Storevirtual 3200 Latency Issue

 
GuillaumeRainer
Advisor

Re: Storevirtual 3200 Latency Issue

be my guest - the initial performance call was 5315737219 and resulted in further testing and firmware update 13.0x -> 13.1x; the current call chain 5319053973 started with upgrading to 13.5x, re-initializing the array and retrying to set it up in a proper, performing manner. 

it may seem strange to put it that way, but it´s not about feeling the performance were not right - in fact, it just is not. there is no logical explanation for a factor 10 between native filesystems/iscsi and vmfs; having virtual machine vMotion with an average of 16 mb/sec is just plain sad. and - as I stated initially - the array itself would be fast enough, it´s not like I was hoping for performance figures in the all-flash-high-end arena...

as a sidenote, our array is called left and thus the controllers are (automatically) named left-SC1 and left-SC2. there is a bug in the initial assistant; when using the DNS names for the interface (e.g. https://left-sc1...) , it will start initializing and renaming the controllers and then crash with absurd error messages ( like e.g. "HAL Error") while creating the raid groups. 

GuillaumeRainer
Advisor

Re: Storevirtual 3200 Latency Issue

hi all,

did a new set of performance tests with the new firmware (patch release on weekend, version 135-010-00, 8.5.2017).
The numbers got better, just for comparison:

initial storevirtualOS 13.5:
vmware server with luns (vmfs), VM on top -> 20 mb/sec
vmware server, VM on some storage, iscsi from within VM -> 200 mb/sec
vmware server, VM on some storage, RDM pass-through -> 190 mb/sec

storevirtualOS 13.5.00.0791.0
vmware server6.0 with luns (vmfs), VM on top -> 35-55 mb/sec
vmware server6.5 with luns (vmfs), VM on top -> 127 mb/sec
vmware server6.0, VM on some storage, RDM pass-through -> 93.9 mb/sec

All those tests imply sequential writes to disk, no cache (just dd, 20g size) and should demonstrate bandwith. I feel there still is some major issue with handling the esxi iscsi stack and VMFS, but finding out what exactly is pretty much out of my league. I'll keep you posted.

richa3312
Advisor

Re: Storevirtual 3200 Latency Issue

Thanks for pointing out the update.

I've installed it last night so will monitor it over the next few days and see if anything changes. 

Re: Storevirtual 3200 Latency Issue

Hi all,

We have exactly the same problem as described in this thread, very high latency 30-40ms, low IOPS 500-1000, and this on a system with 21 SSD's and 44 10K disks - ESXi 6.0 U3 with 10 Gbit/S  and 5900 series switches.

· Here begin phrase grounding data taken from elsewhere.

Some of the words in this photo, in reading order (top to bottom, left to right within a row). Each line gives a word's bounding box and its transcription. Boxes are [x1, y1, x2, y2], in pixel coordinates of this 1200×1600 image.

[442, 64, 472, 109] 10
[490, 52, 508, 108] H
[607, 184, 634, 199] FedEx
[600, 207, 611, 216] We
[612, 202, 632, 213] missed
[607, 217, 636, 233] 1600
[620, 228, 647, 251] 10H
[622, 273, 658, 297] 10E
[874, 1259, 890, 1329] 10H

The performance in general is not great, but when measuring only with with reads - the latency drops 10x and the iops go up 5x 
We have a similar system at another client running Hyper-v 2016 - here the performance is mind blowing with 40K Iops at 0.2 MS latency - so the problem seems to be with the ESXi implementation.

The case have been given to the support team, and I will post any findings.

Thomas Nielsen
Team lead and infrastructure architect
GuillaumeRainer
Advisor

Re: Storevirtual 3200 Latency Issue

Hi,

another batch of tests coming through... ^^
I did some lowlevel linux testing, the measurements are not "valid" since stuff happens way too fast, but it gives some idea:

SV3200@VMFS:              read ~42K IOPS / 0,003 msec latency
SV3200@VMFS:              write 195 IOPS / ~5 msec latency
SASraid on physical host: read 70K IOPS / 0,001 msec latency
SASraid on physical host: write 3.349 IOPS / 0,29 msec latency

This was on XFS filesystems (the virtual machine was set up using the same kickstart as the physical one); one may argue the caches etc. matter here but the write IOPS on SV3200 give it away something is pretty wrong here.

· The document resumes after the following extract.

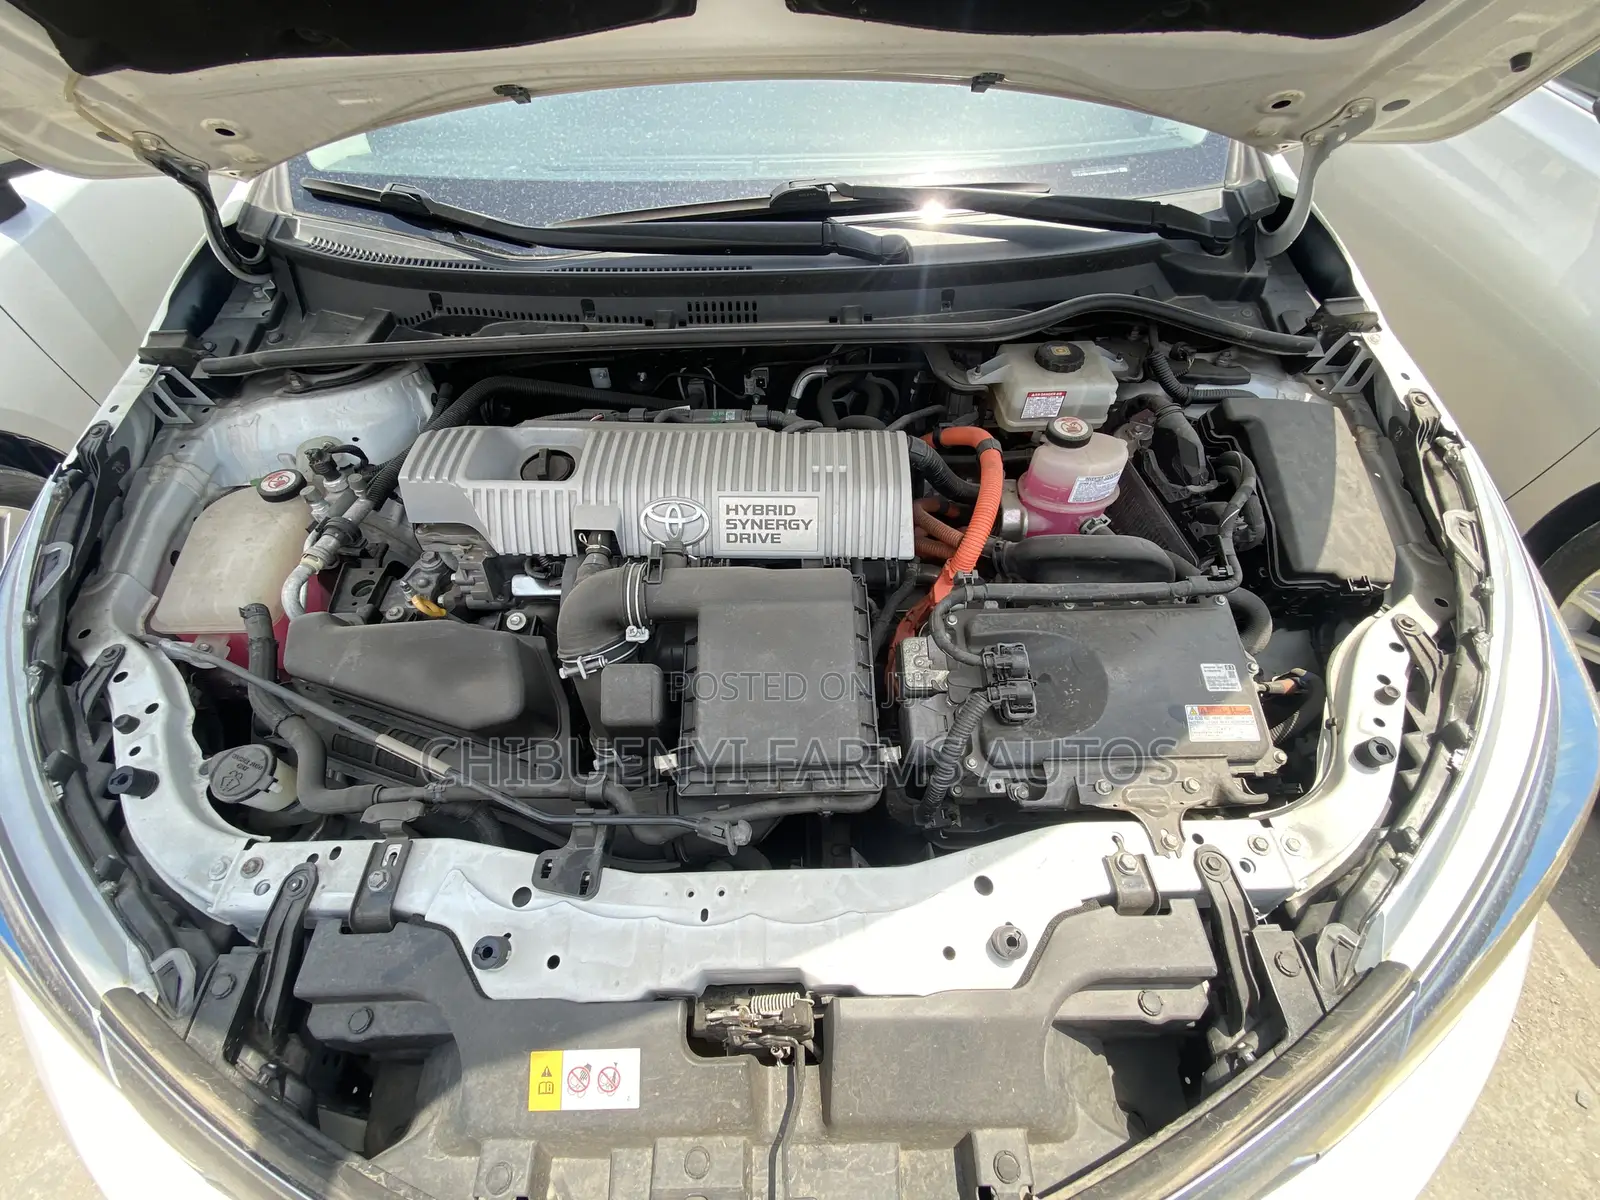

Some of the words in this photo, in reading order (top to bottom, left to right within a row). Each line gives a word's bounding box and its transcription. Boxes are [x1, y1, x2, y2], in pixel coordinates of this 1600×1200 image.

[725, 504, 797, 516] HYBRID
[725, 519, 813, 531] SYNERGY
[726, 533, 782, 544] DRIVE

I also did some new tests with windows/IOMETER using RDM (raw device mappings, 4 pass-through disks), they run as follows:

Windows Raw device mapping, NTFS volumes:
 nRAID10 4k 100% READ 74MB/s and 18.259 IOPS (average latency 1.8)
 nRAID10 4k 100% WRITE 24MB/s and 5.385 IOPS (average latency 6)

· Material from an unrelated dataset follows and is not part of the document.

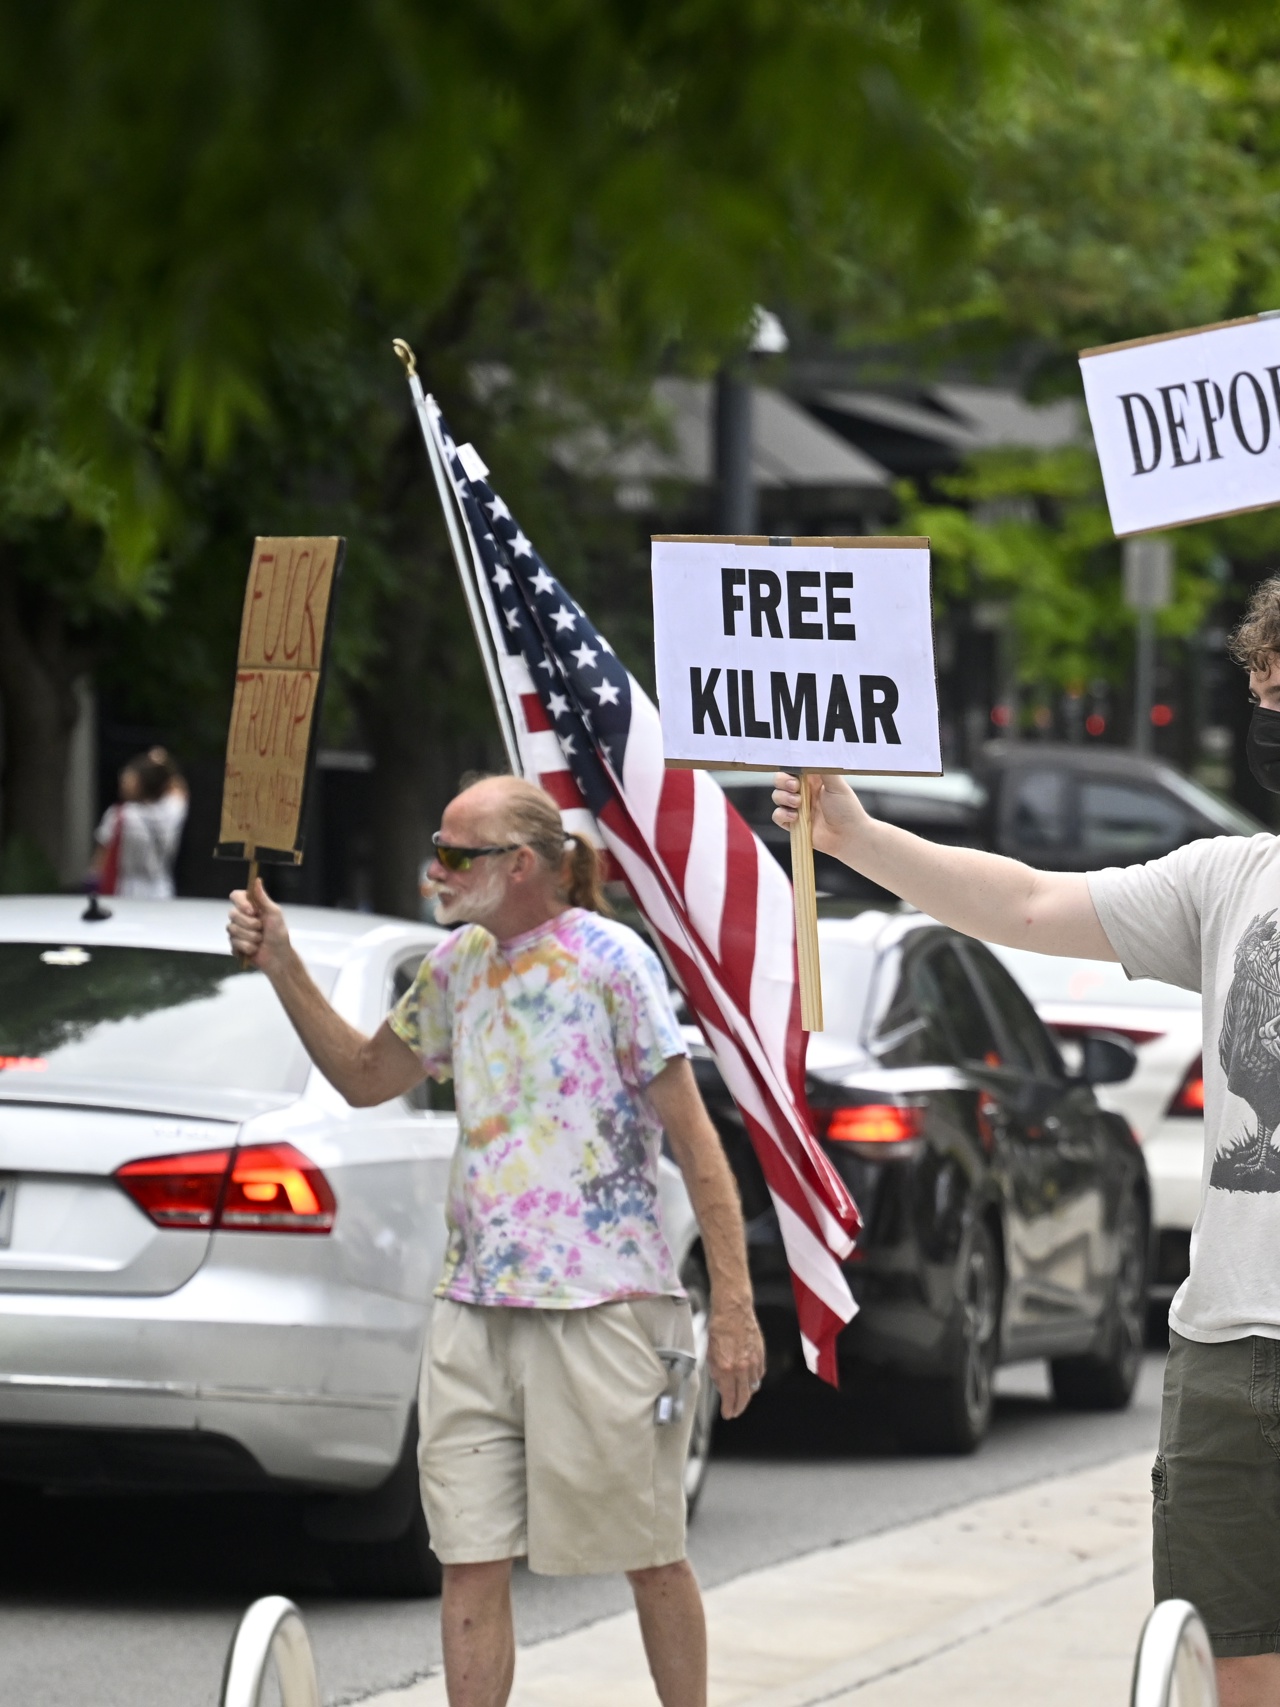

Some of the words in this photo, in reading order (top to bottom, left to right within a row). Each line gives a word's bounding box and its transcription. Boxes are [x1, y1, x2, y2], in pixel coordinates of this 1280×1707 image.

Same windows machine, having the bootdisk on VMFS:
nRAID10 4k 100% READ 27MB/s and 6.509 IOPS (average latency 19)
nRAID10 4k 100% WRITE 8,5MB/s and 2.000 IOPS (average latency 24)
 
Cheers
Guillaume

referencepoint
Advisor

Re: Storevirtual 3200 Latency Issue

My performance is particularly bad on ESX, but it seems that writes are the main factor. I also have a physical Windows server connected to the array, and like @GuillaumeRainer above I see my Windows iSCSI random SSD IOPS drop from 15,000 @ 2ms to 190  @ 169ms.

richa3312
Advisor

Re: Storevirtual 3200 Latency Issue

I notice you have SSD's, SAS and NL SAS in your box. I didn't think the SV3200 supported three tiers only two. Could this have something to do with it? My understanding is that the three drive types you have would all go in different tiers. 

 

referencepoint
Advisor

Re: Storevirtual 3200 Latency Issue

The initial config wizard puts my drives in 3 tiers, 0 (ssd), 1 (sas) and 2 (nl-sas/sata), and documentation backs this up.

I've done my performance testing with RAID only created on the tier I want to test, as there is no way to pin a volume to a certain tier (or if there is, I haven't found it!).

Re: Storevirtual 3200 Latency Issue

Hi everyone,

While support is working on the case, this mail came from HPE today:

http://h20566.www2.hpe.com/hpsc/doc/public/display?docId=emr_na-a00009136en_us&hprpt_id=HPGL_ALERTS_1967118&jumpid=em_alerts_us-us_May17_xbu_all_all_1017565_1967118_StorageOptions_critical__/

I have not tested the solution yet, but will do this asap.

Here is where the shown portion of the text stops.